Soulja Boy gives Wall Street Journal the bizness
His rap skills may be questionable, but the boy is calculating
?
This is a really weird interview if you watch it, like I did, assuming that Soulja Boy and WSJ's Lee Hawkins are sitting in front of an audience of typical Wall Street Journal readers. Not until the performance — which really is really weird, due to technical issues — did I realize that the crowd was peopled mostly with Soulja Boy fans.
?
At 20, he still sounds like a kid when he talks, but he knows his business. Listen to him talk about utilizing newer social media platforms (SayNow) and his reasoning behind having 20 websites.
?
Hawkins skirts around Soulja Boy's recent Kat Stacks controversy and covers old ground for the most part, crowning SB "the music industry's king of social media" for his inventive use of the digital space to nurture his audience long before major labels got hip.
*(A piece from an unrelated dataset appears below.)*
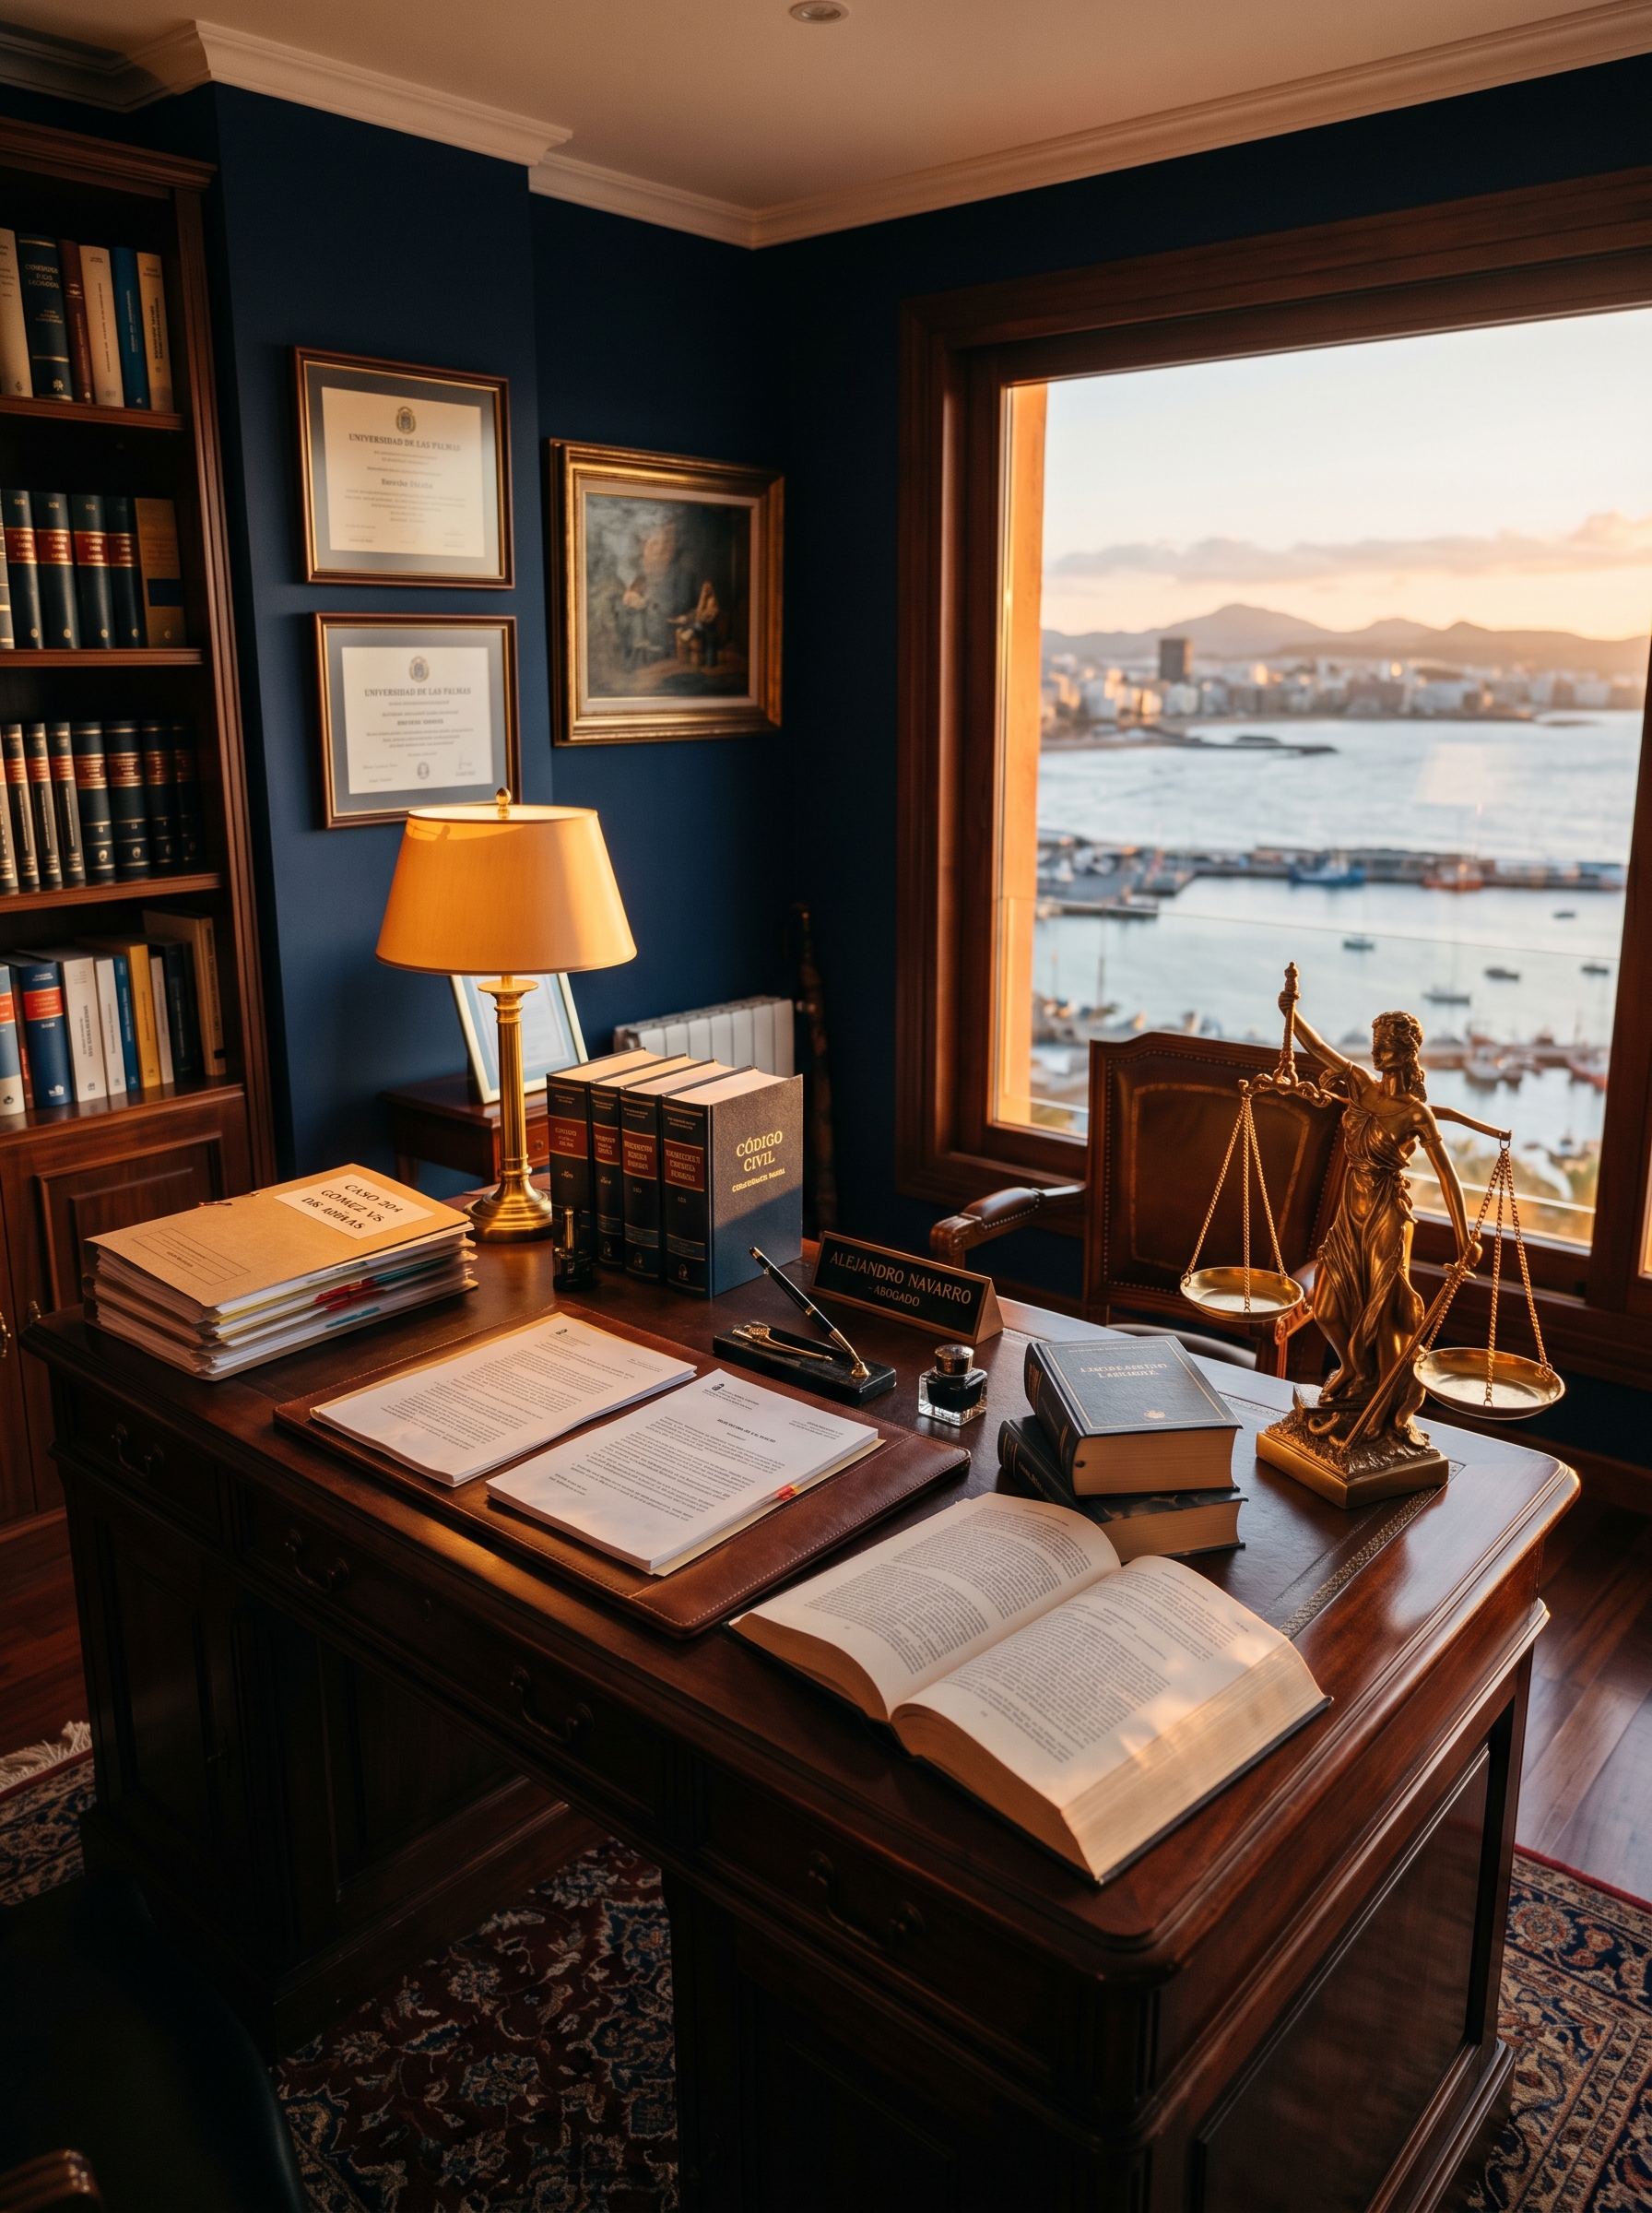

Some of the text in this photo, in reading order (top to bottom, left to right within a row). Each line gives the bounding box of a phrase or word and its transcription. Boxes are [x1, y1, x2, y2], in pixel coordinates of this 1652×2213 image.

Dude claims he was 16 and making $30,000 per weekend for shows (3 x $10,000), not to mention the money he was splitting with Soundclick on a weekly average of 19,000 downloads.
?
Considering all the leverage Soulja Boy entered the game with, the real question is what kind of first-time deal did he choose to sign with ColliPark/Interscope? If it's the same seven-album/seven cents per song royalty rate most first-time artist/songwriters get, something's wrong. He pretty much created the model that the industry now exploits to churn out pop stars like Justin Bieber. It'll be interesting to see how long he can hang on to his fan base.